**Source data**
+++

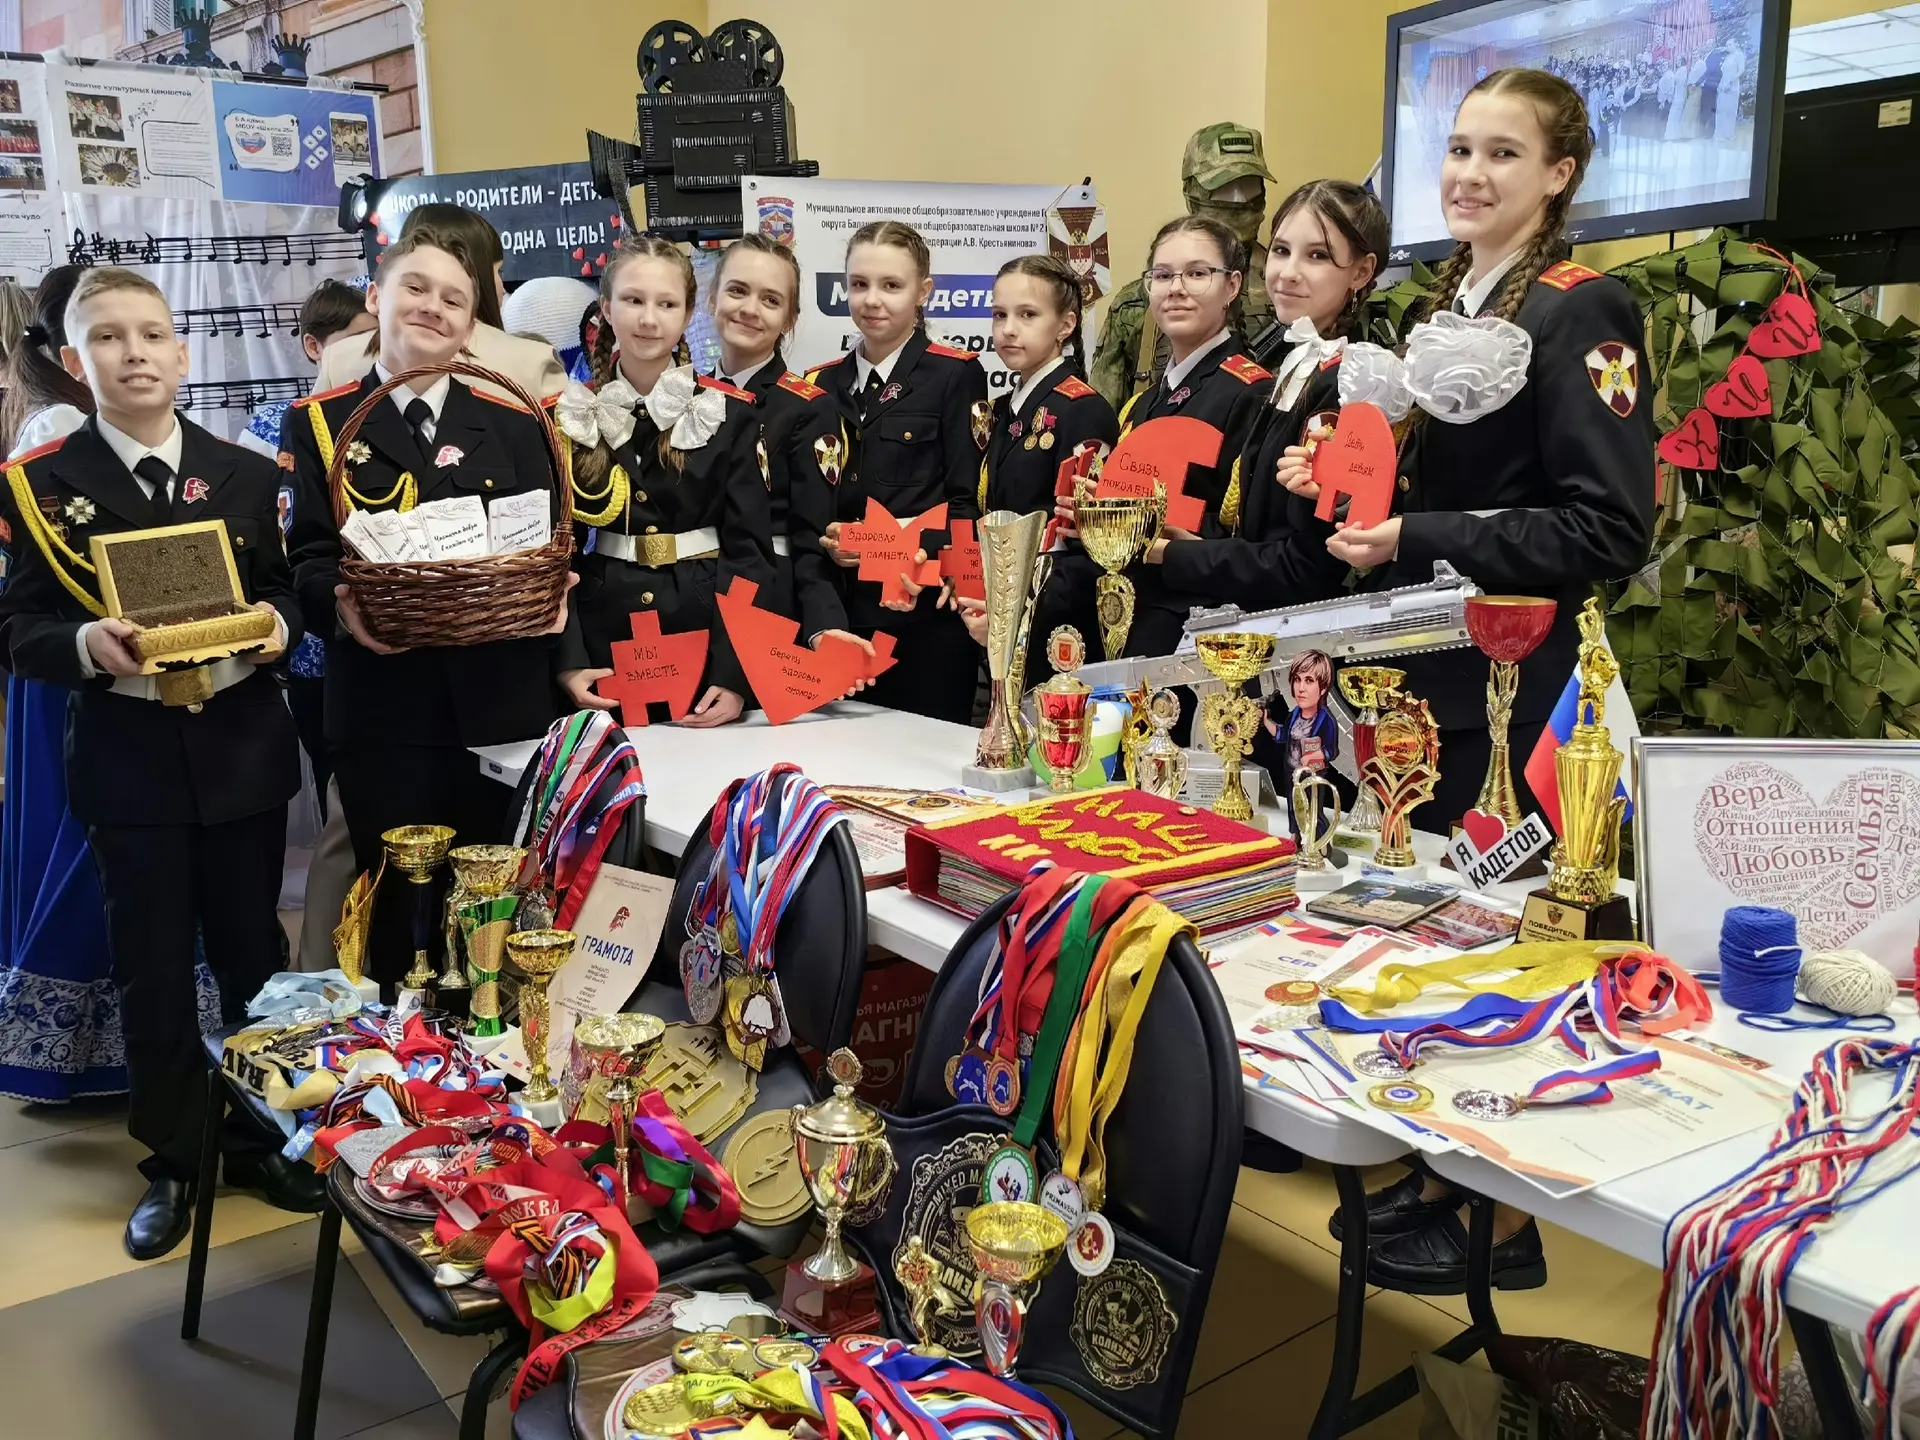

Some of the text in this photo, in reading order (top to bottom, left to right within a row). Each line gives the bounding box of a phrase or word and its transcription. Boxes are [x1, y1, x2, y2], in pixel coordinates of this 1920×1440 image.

[65, 80, 192, 96] Развитие культурных ценностей
[457, 184, 543, 211] РОДИТЕЛИ
[806, 202, 866, 214] Муниципальное
[867, 206, 910, 214] автономное
[912, 206, 994, 221] общеобразовательное
[996, 209, 1040, 219] учреждение
[821, 221, 846, 230] округа
[923, 221, 1004, 234] общеобразовательная
[501, 222, 605, 254] ОДНА ЦЕЛЬ!
[963, 238, 977, 247] А.В.
[979, 238, 1037, 249] Крестьянинова»
[1119, 453, 1160, 478] Связь
[633, 646, 658, 661] МЫ
[625, 664, 679, 682] ВМЕСТЕ
[781, 665, 822, 684] здоровье
[1725, 770, 1758, 782] Вера
[1858, 771, 1888, 782] Дети
[1708, 783, 1784, 810] Вера
[1884, 775, 1905, 815] Вера
[1772, 807, 1850, 820] Дружелюбие
[1706, 818, 1855, 836] Отношения
[1456, 842, 1473, 866] Я
[1715, 838, 1765, 853] Жизнь
[1843, 784, 1884, 909] Семья
[1468, 822, 1542, 890] КАДЕТОВ
[1720, 845, 1844, 877] Любовь
[1732, 870, 1817, 888] Отношения
[1880, 858, 1893, 908] Любовь
[1779, 869, 1843, 911] ружелюбие
[1849, 889, 1872, 898] Вера
[1800, 907, 1846, 924] Дети
[1851, 910, 1876, 919] Дети
[1529, 920, 1578, 939] ПОБЕДИТЕЛЬ
[582, 935, 634, 966] ГРАМОТА
[1278, 956, 1318, 968] СЕР
[876, 994, 928, 1013] МАГАЗИ
[933, 1171, 965, 1206] MIXED
[1045, 1191, 1078, 1217] PRIMAVERA
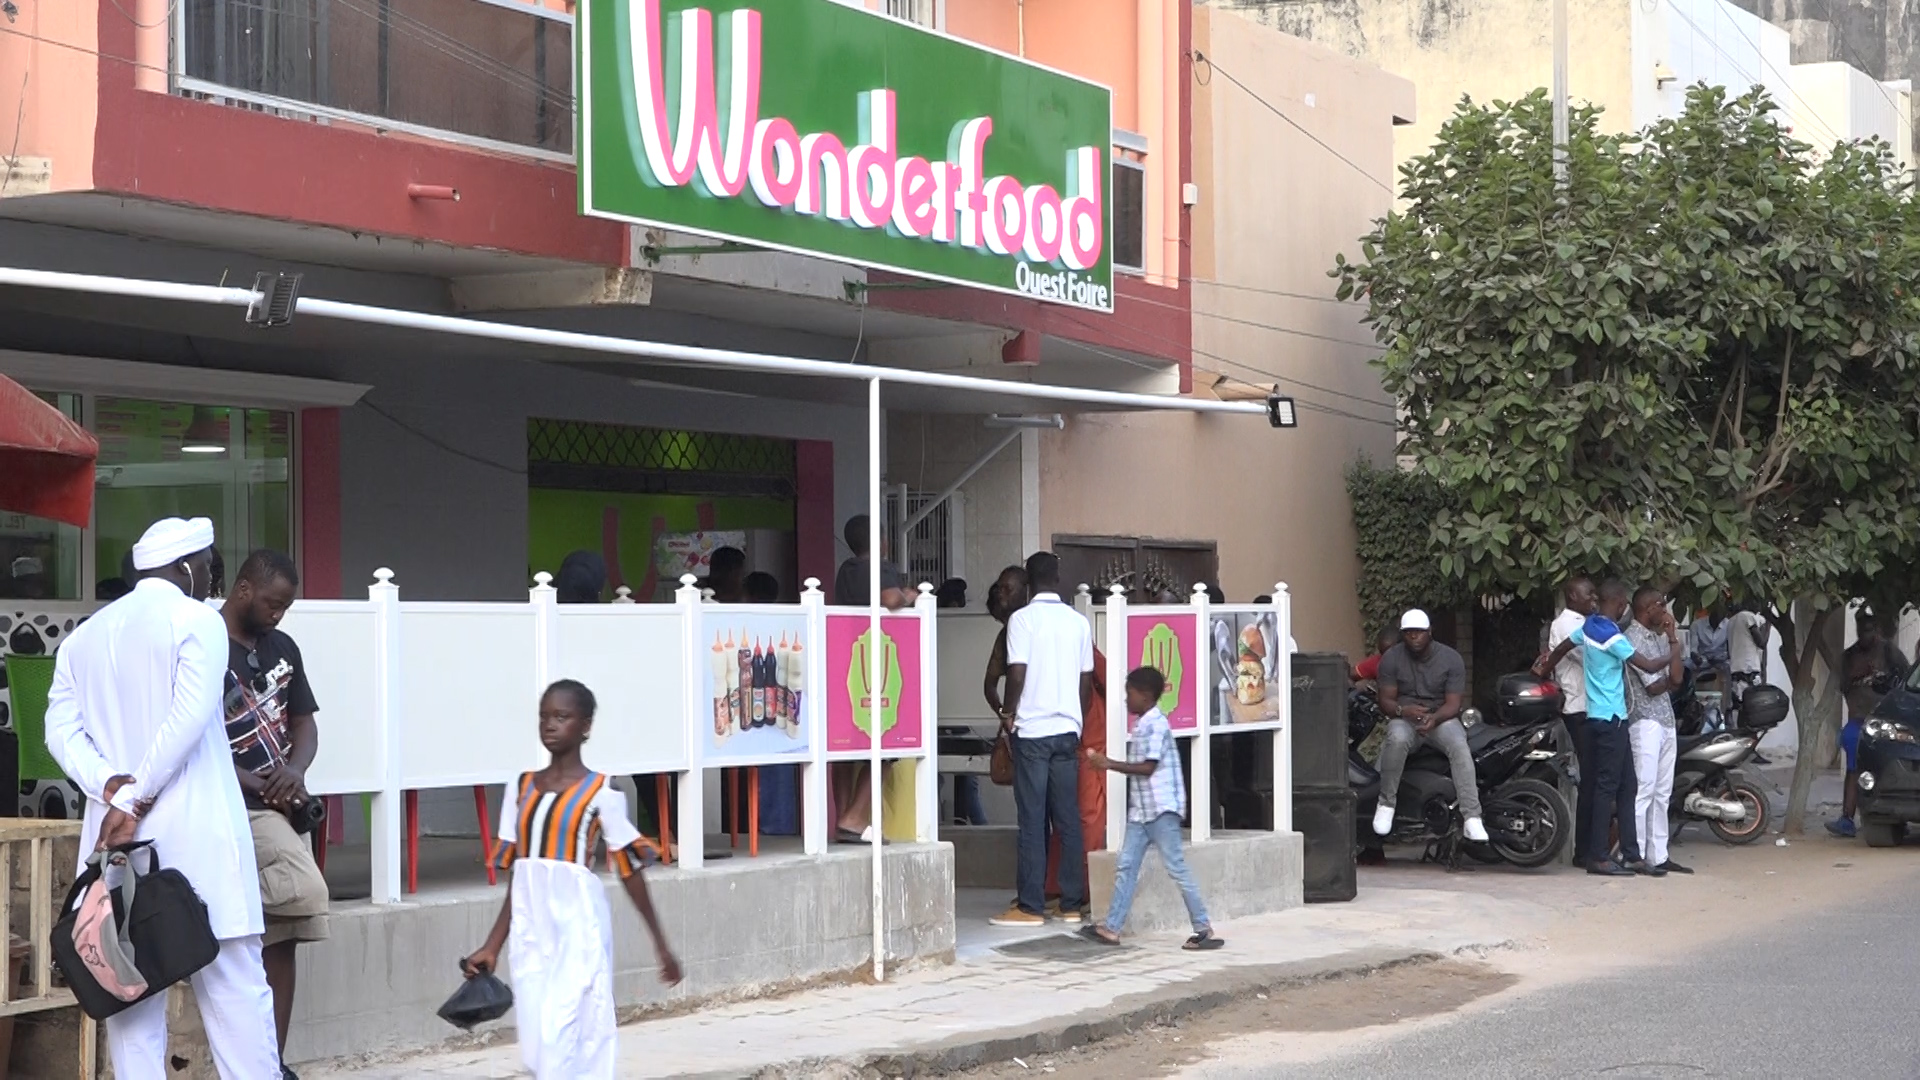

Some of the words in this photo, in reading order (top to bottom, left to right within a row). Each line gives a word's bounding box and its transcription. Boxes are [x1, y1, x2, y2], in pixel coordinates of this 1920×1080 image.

[617, 0, 1103, 270] Wonderfood
[1016, 261, 1066, 300] Ouest
[1067, 271, 1108, 308] Foire
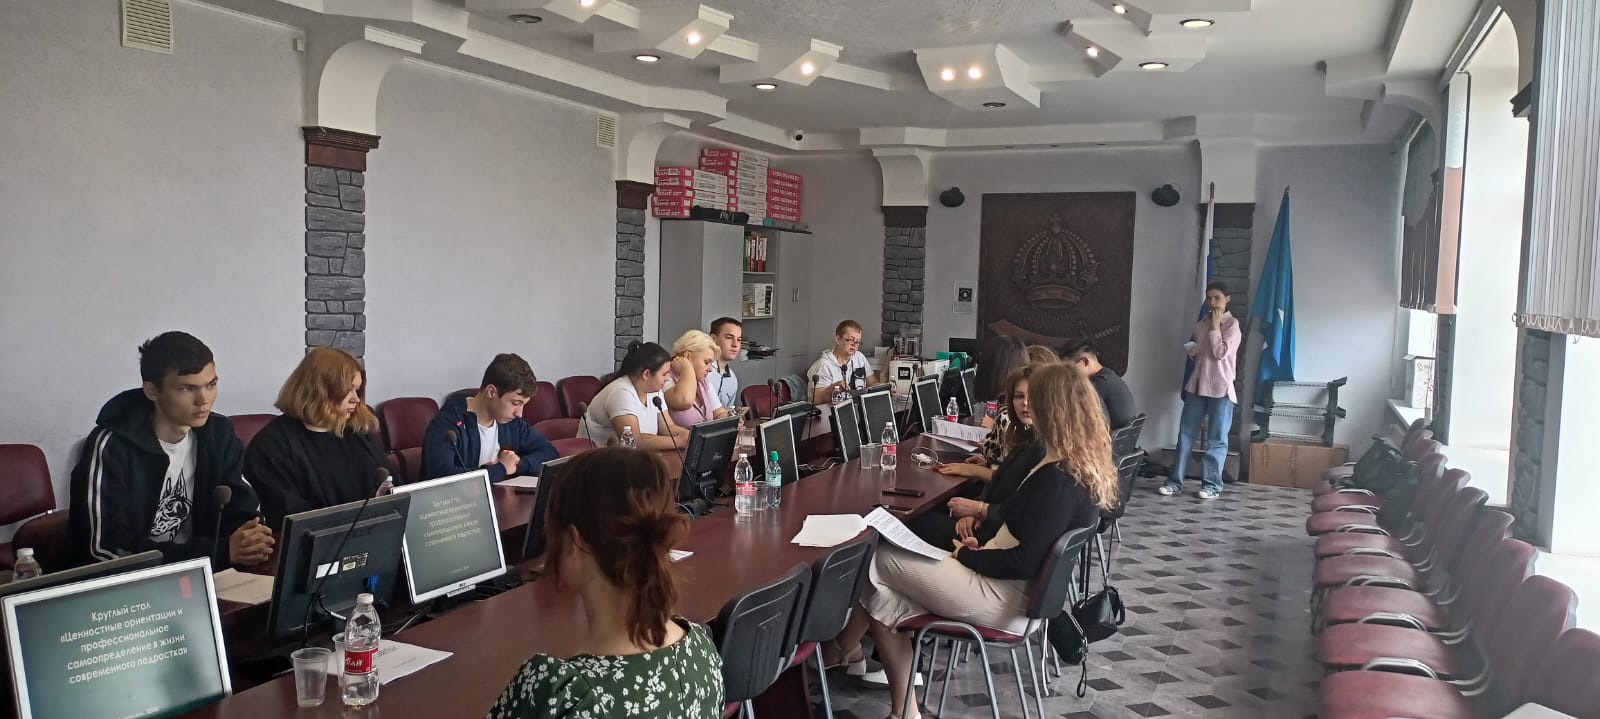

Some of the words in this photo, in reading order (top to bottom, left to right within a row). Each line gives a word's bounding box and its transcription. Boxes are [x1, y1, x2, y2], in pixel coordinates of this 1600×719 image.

[60, 622, 122, 643] «Ценностные
[124, 610, 176, 629] ориентации
[177, 608, 183, 616] и
[92, 604, 129, 622] Круглый
[130, 602, 151, 613] стол
[67, 643, 152, 670] самоопределение
[160, 634, 185, 647] жизни
[80, 624, 169, 654] профессиональное
[69, 661, 136, 684] современного
[137, 647, 188, 666] подростка»

+++

What is needed is the full material, retyped unchanged, with no pictures in it.

**Answer below**
Some of the text in this photo, in reading order (top to bottom, left to right within a row). Each line gives the bounding box of a phrase or word and its transcription. Boxes are [x1, y1, x2, y2], in pixel coordinates of this 1920×1440 image.

[65, 80, 192, 96] Развитие культурных ценностей
[457, 184, 543, 211] РОДИТЕЛИ
[806, 202, 866, 214] Муниципальное
[867, 206, 910, 214] автономное
[912, 206, 994, 221] общеобразовательное
[996, 209, 1040, 219] учреждение
[821, 221, 846, 230] округа
[923, 221, 1004, 234] общеобразовательная
[501, 222, 605, 254] ОДНА ЦЕЛЬ!
[963, 238, 977, 247] А.В.
[979, 238, 1037, 249] Крестьянинова»
[1119, 453, 1160, 478] Связь
[633, 646, 658, 661] МЫ
[625, 664, 679, 682] ВМЕСТЕ
[781, 665, 822, 684] здоровье
[1725, 770, 1758, 782] Вера
[1858, 771, 1888, 782] Дети
[1708, 783, 1784, 810] Вера
[1884, 775, 1905, 815] Вера
[1772, 807, 1850, 820] Дружелюбие
[1706, 818, 1855, 836] Отношения
[1456, 842, 1473, 866] Я
[1715, 838, 1765, 853] Жизнь
[1843, 784, 1884, 909] Семья
[1468, 822, 1542, 890] КАДЕТОВ
[1720, 845, 1844, 877] Любовь
[1732, 870, 1817, 888] Отношения
[1880, 858, 1893, 908] Любовь
[1779, 869, 1843, 911] ружелюбие
[1849, 889, 1872, 898] Вера
[1800, 907, 1846, 924] Дети
[1851, 910, 1876, 919] Дети
[1529, 920, 1578, 939] ПОБЕДИТЕЛЬ
[582, 935, 634, 966] ГРАМОТА
[1278, 956, 1318, 968] СЕР
[876, 994, 928, 1013] МАГАЗИ
[933, 1171, 965, 1206] MIXED
[1045, 1191, 1078, 1217] PRIMAVERA

Some of the words in this photo, in reading order (top to bottom, left to right within a row). Each line gives a word's bounding box and its transcription. Boxes are [x1, y1, x2, y2], in pixel coordinates of this 1920×1080 image.

[617, 0, 1103, 270] Wonderfood
[1016, 261, 1066, 300] Ouest
[1067, 271, 1108, 308] Foire

Some of the words in this photo, in reading order (top to bottom, left to right within a row). Each line gives a word's bounding box and its transcription. Boxes are [x1, y1, x2, y2], in pixel coordinates of this 1600×719 image.

[60, 622, 122, 643] «Ценностные
[124, 610, 176, 629] ориентации
[177, 608, 183, 616] и
[92, 604, 129, 622] Круглый
[130, 602, 151, 613] стол
[67, 643, 152, 670] самоопределение
[160, 634, 185, 647] жизни
[80, 624, 169, 654] профессиональное
[69, 661, 136, 684] современного
[137, 647, 188, 666] подростка»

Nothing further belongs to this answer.